The decay of "My Fair City" (names have been replaced to protect this planner)
My Fair City is becoming seedy. There is no denying it any longer.
The quiet southwest suburb that recently landed the prestigious honor from BusinessWeek magazine as "America's Best Place to Raise Your Kids" is on the road to ruin.
You could hear the horrified gasps up and down Oak Park Avenue last year when Mayor xxxxx and the rest of the village board gave their blessing for a pawnshop to open. The owner also runs a pawnshop in that slum xxxxxx (<----Mendleman's town
Yes, that's right, a pawnshop. In My Fair City. The kind of place where people sell things like old jewelry and electronics so they can get a few extra dollars in case they're in a bind and need to pay some bills.
That sort of thing doesn't happen in My Fair City.
Not when the good people can go on Craigslist and allow strangers to come into their homes and hand them a few dollars for their old junk.
Upscale stuffy xxxxx city, according to a cursory thumbing through the Yellow Pages, is home to at least three pawnshops.
The effect of such moral turpitude is obvious.
Just ask the people who file in and out of the jammed restaurants in downtown Upscale Stuffy xxxx city restaurants Friday and Saturday nights, paying $150 for a bottle of wine.
"We don't go to upscale stuffy xxxx city anymore," they say before walking into parking garages of stained glass and climbing into their Cadillac Escalades. "Too many pawnshops."
Upscale stuff City was dragged so deep into the mud by its pawnshops, a fondue joint was allowed to open.
One more pawnshop in Upscale stuffy City might mean an end to the community's distinction as the No. 1 overrated suburb that all other suburbs privately desire they could become just like.
Keep it up with the pawnshops, My Fair City.
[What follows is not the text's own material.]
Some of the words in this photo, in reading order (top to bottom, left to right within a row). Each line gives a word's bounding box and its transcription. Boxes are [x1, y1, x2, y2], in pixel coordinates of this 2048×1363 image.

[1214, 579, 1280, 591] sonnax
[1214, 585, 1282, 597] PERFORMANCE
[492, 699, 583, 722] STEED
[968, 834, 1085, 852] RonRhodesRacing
The editors at BusinessWeek might ask for their award back.
Pawnshops are bad enough by themselves.
But the My Fair City fathers seemed bent on trashing the town and driving property values into the ground.
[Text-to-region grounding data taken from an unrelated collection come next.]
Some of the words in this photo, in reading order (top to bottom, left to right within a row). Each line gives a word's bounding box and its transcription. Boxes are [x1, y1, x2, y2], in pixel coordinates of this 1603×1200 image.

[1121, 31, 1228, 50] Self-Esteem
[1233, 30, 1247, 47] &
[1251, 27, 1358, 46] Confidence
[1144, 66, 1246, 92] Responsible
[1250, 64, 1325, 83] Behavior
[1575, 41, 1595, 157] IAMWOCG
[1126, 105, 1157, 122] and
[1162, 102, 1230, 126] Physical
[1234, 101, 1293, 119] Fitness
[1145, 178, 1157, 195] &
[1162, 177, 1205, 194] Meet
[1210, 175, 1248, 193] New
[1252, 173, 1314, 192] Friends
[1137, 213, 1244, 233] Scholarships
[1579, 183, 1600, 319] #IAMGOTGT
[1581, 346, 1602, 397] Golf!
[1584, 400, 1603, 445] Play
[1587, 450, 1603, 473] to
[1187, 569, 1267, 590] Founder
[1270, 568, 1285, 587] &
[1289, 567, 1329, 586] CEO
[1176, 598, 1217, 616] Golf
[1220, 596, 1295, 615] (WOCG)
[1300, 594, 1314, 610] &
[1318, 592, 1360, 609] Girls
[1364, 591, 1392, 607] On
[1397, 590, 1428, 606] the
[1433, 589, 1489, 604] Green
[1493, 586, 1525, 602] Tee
They also had to give the OK for a tattoo shop to open.
"There goes the neighborhood," said a Gated Subdivision soccer mom sporting a tattoo of a small flower on her ankle.
"The nerve," replied a neighbor in the same cul-de-sac with a dolphin inked on to her lower back.
There are no tattoos on this fantasy island of My Fair City. Residents still do it the old-fashioned way, by driving to Chicago's North Side and dropping a few hundred bucks to get their body art.
My Fair City seems intent on making a pact with the devil. And we know what happens to places that make pacts with the devil.
My Fair City also has become home to - cue "Dragnet" theme here - a teen nightclub.
The opening of "The Club" is a calamity of such grave consequences, a resident might want to phone Speak Out and declare his disgust.
Before you know it, local teens won't be hiding out and drinking in the forest preserves.
They might have something to do with their free time.
You already can hear the Wurlitzers blaring past 9 at night.
The boys will grow hair below their ears.
The girls even might start wearing long pants.
This slippery slide into decay needs to end soon.
If My Fair City isn't careful, a Wal-Mart might want to come to town.